PLEITGEN: Yes, it's very interesting. Because that's something that he's always been saying, since the beginning, that a military ground operation is something that is still very much in the cards. And, of course, as you said, quite rightly, this is still a very delicate cease-fire, that both sides are monitoring, and of course the Israeli military is monitoring as well. Nevertheless, we're already seeing troops withdraw from the border. We were at a site earlier today that had a lot of armored personnel carriers in it, and also a lot of ground troops in it. We saw those troops packing up. We saw trucks getting ready to bring armored personnel carriers back into their bases.

So it seems as though the military withdrawal has already started. However, the military still very closely monitoring the situation in Gaza, whether or not rockets will be flying out of that place. And, of course, if need be, that withdrawal can be reversed and the military can come back, Alina.
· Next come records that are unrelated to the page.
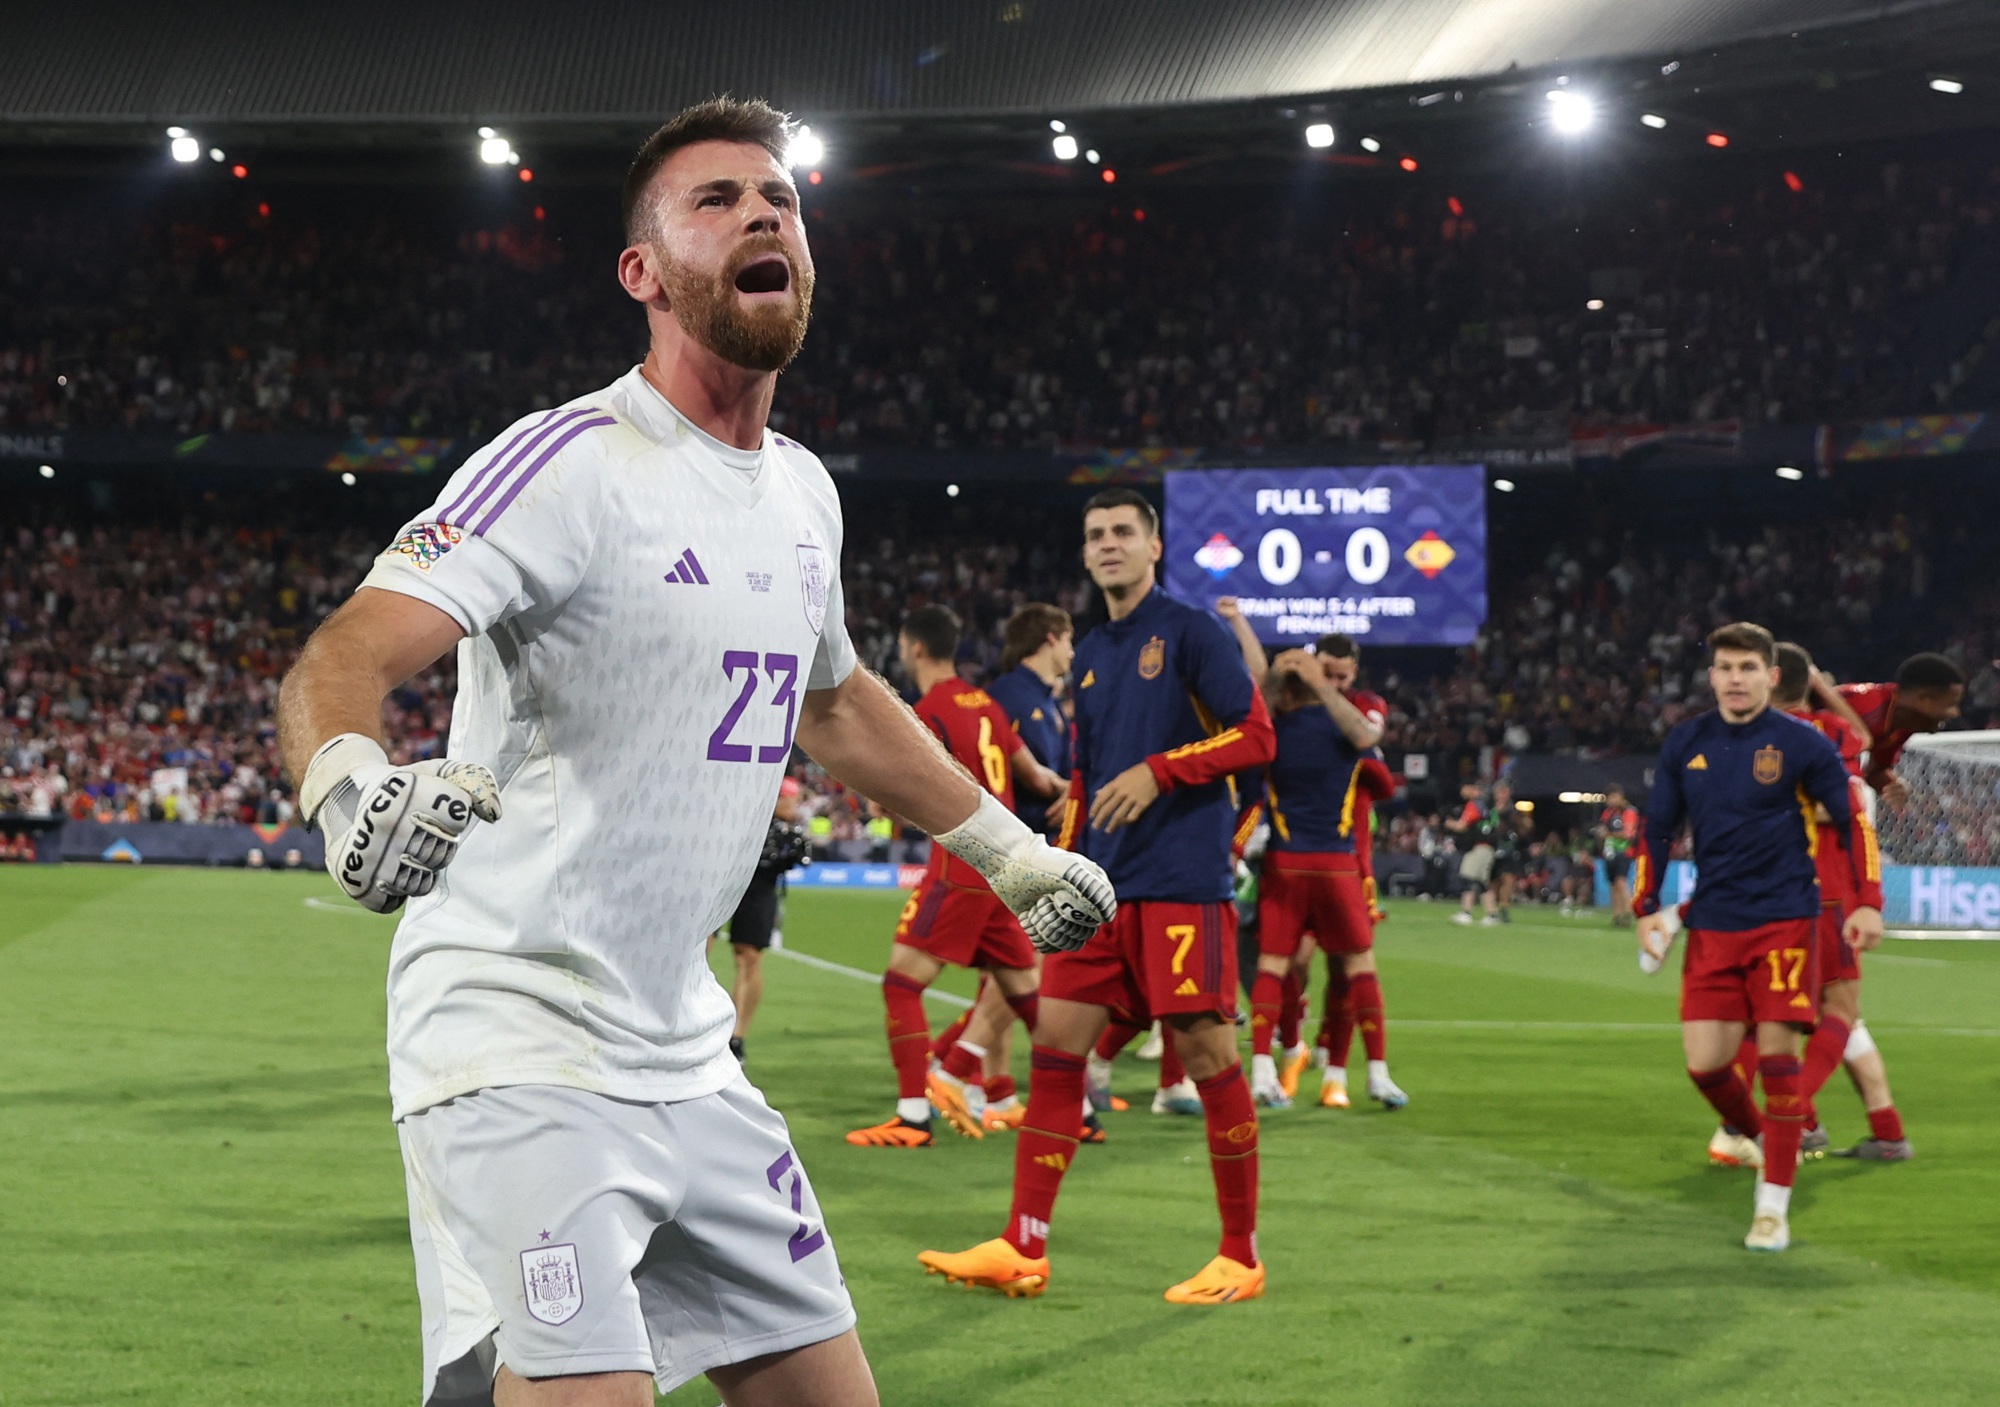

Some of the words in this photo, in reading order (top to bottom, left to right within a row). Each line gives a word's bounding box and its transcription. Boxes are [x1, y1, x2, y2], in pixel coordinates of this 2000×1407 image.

[1256, 488, 1324, 516] FULL
[1325, 487, 1391, 515] TIME
[1258, 528, 1302, 586] 0
[1345, 526, 1390, 586] 0
[1276, 614, 1371, 634] PENALTIES
[1288, 597, 1327, 616] WIN
[1357, 596, 1415, 616] AFTER
[706, 650, 798, 764] 23
[978, 716, 1006, 794] 6
[342, 776, 407, 888] reusch
[432, 793, 471, 826] re
[1910, 866, 2000, 928] Hise
[1166, 925, 1196, 975] 7
[1766, 948, 1807, 992] 17
[766, 1150, 825, 1263] 2
CHO: Fred Pleitgen, live for us in Israel -- Fred, thank you very much.

BALDWIN: I want to bring in Daniel Levy. He's a former adviser to Israeli Prime Minister Ehud Barak, currently serves with the European Council of Foreign Relations, as a director of its Middle East and North Africa program.

Mr. Levy, good morning.

DANIEL LEVY, FORMER ADVISER TO ISRAEL PM EHUD BARAK: Good morning, Brooke. Happy Thanksgiving, I should say.

BALDWIN: Happy Thanksgiving to you there in London.
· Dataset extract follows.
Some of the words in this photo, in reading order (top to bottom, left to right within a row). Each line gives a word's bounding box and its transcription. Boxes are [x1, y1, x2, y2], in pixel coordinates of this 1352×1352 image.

Let me just begin with this. We have learned that there have been at least five rockets fired from Gaza since this truce started, right around 2:00 Eastern Time for us here in the U.S.

Do you think this cease-fire will last?

LEVY: Yes, I do. And I think your reporter just said that at the moment, Israelis are not treating these as significant violations. There are different armed factions in Gaza. One has to make sure that they are all brought on board. I think that is happening. The callout of the Israeli reservists is now being drawn down.

And the bigger picture here, Brooke, is that no one really had much of an appetite for a ground invasion. In fact, by threatening a ground invasion, the Israeli leadership may have well cornered itself, because they know that there's a law of diminishing returns. And although there is some public dissatisfaction in Israel, I think that's partially because their leaders have told them that there are military solutions where there aren't military solutions and their own leaders have avoided the political solutions that ultimately are needed.

CHO: Mr. Levy, it's Alina Cho here along with Brooke. I guess my question to you is this. The cease-fire has now been holding for some 16 1/2 hours, 2:00 p.m. Eastern Time, 9:00 p.m. local time there. They will have reached the 24-hour mark and the border crossings will reopen into Gaza.

At that point, as you know, the sort of more meaty talks will begin, right? What do you expect the demands on both sides to look like?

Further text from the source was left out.